To currently meet the definition of an Accredited Investor, the SEC states in rule 501 or Regulation D that an investor must meet one of the following five definitions:

(1) Any bank, or any savings and loan association or other institution as defined in section 3(a)(2) or 3(a)(5)(A) of the Act whether acting in its individual or fiduciary capacity; any broker or dealer registered pursuant to section 15 of the Securities Exchange Act of 1934; any insurance company as defined in section 2(a)(13) of the Act; any investment company registered under the Investment Company Act of 1940 or a business development company as defined in section 2(a)(48) of that Act; any Small Business Investment Company licensed by the U.S. Small Business Administration under section 301(c) or (d) of the Small Business Investment Act of 1958; any plan established and maintained by a state, its political subdivisions, or any agency or instrumentality of a state or its political subdivisions, for the benefit of its employees, if such plan has total assets in excess of $5,000,000; any employee benefit plan within the meaning of the Employee Retirement Income Security Act of 1974 if the investment decision is made by a plan fiduciary, as defined in section 3(21) of such act, which is either a bank, savings and loan association, insurance company, or registered investment adviser, or if the employee benefit plan has total assets in excess of $5,000,000 or, if a self-directed plan, with investment decisions made solely by persons that are accredited investors;

(2) Any private business development company as defined in section 202(a)(22) of the Investment Advisers Act of 1940;

(3) Any organization described in section 501(c)(3) of the Internal Revenue Code, corporation, Massachusetts or similar business trust, or partnership, not formed for the specific purpose of acquiring the securities offered, with total assets in excess of $5,000,000;

(4) Any director, executive officer, or general partner of the issuer of the securities being offered or sold, or any director, executive officer, or general partner of a general partner of that issuer;

(5) Any natural person whose individual net worth, or joint net worth with that person’s spouse, exceeds $1,000,000. Please note, a person’s house may not be included in consideration for their net worth.[1]

For the individual investor, the rule normally amounts to the meeting the 5th definition which can be met by having the net worth of $1,000,000 or additionally by having an individual income in excess of $200,000 in each of the two most recent years or joint income with that person’s spouse in excess of $300,000 in each of those years and has a reasonable expectation of reaching the same income level in the current year.
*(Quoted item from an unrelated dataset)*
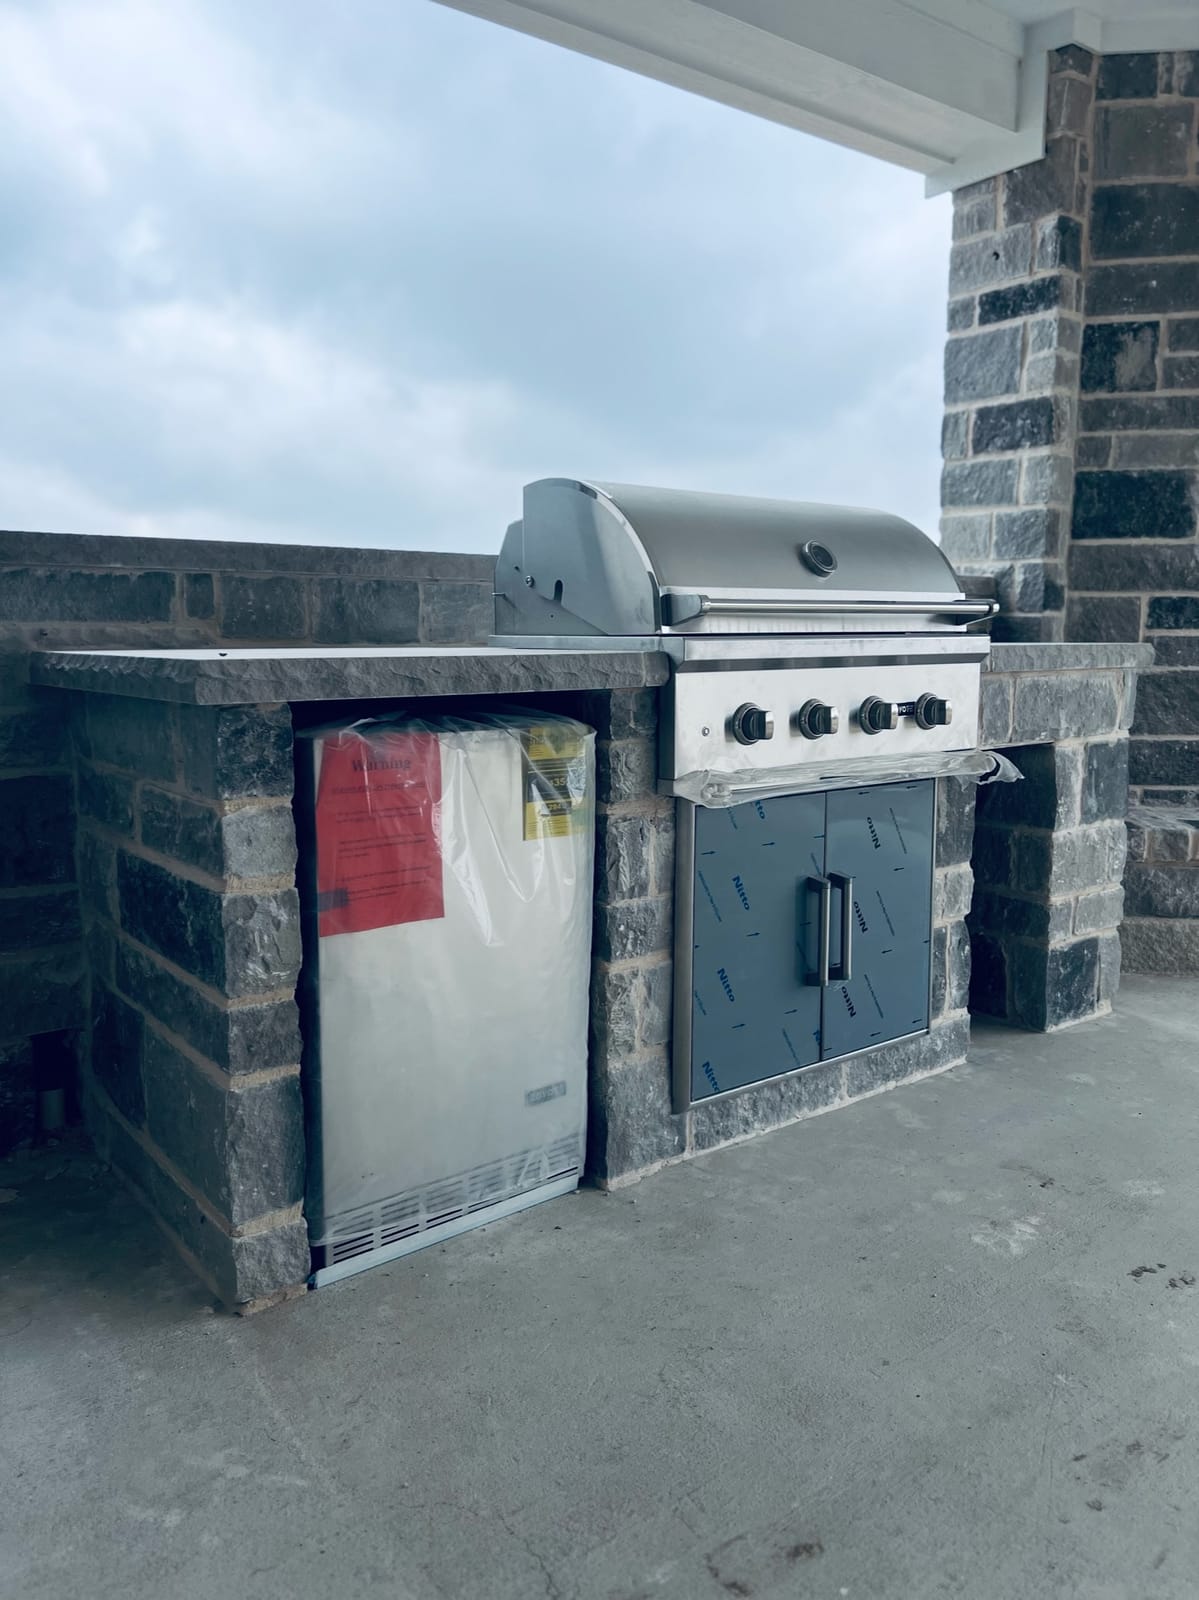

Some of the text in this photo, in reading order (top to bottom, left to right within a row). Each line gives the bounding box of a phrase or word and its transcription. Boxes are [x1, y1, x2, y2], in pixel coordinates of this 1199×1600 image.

Meeting the definition of accredited investor can allow them access to investing in higher-risk securities that are not registered with regulatory authorities such as the SEC. These investments can come in the form of private placements, hedge funds, and alternative investments.

As the SEC Chairman Jay Clayton recently stated. “The current test for individual accredited investor status takes a binary approach to who does and does not qualify based only on a person’s income or net worth,” “Modernization of this approach is long overdue. The proposal would add additional means for individuals to qualify to participate in our private capital markets based on established, clear measures of financial sophistication. I also am pleased that the proposal specifically recognizes that certain organizations, such as tribal governments, should not be restricted from participating in our private capital markets.”[2]

According to the SEC’s press release, the proposed changes would expand the definition of the accredited investor in the following ways:

“The proposed amendments to the accredited investor definition would add new categories of natural persons based on professional knowledge, experience, or certifications. The proposed amendments would also add new categories of entities, including a “catch-all” category for any entity owning in excess of $5 million in investments. In particular, the proposed amendments to the accredited investor definition would:

  • add new categories to the definition that would permit natural persons to qualify as accredited investors based on certain professional certifications and designations, such as a Series 7, 65 or 82 license, or other credentials issued by an accredited educational institution;
  • with respect to investments in a private fund, add a new category based on the person’s status as a “knowledgeable employee” of the fund;
  • add limited liability companies that meet certain conditions, registered investment advisers and rural business investment companies (RBICs) to the current list of entities that may qualify as accredited investors;
  • add a new category for any entity, including Indian tribes, owning “investments,” as defined in Rule 2a51-1(b) under the Investment Company Act, in excess of $5 million and that was not formed for the specific purpose of investing in the securities offered;
  • add “family offices” with at least $5 million in assets under management and their “family clients,” as each term is defined under the Investment Advisers Act; and
  • add the term “spousal equivalent” to the accredited investor definition, so that spousal equivalents may pool their finances for the purpose of qualifying as accredited investors.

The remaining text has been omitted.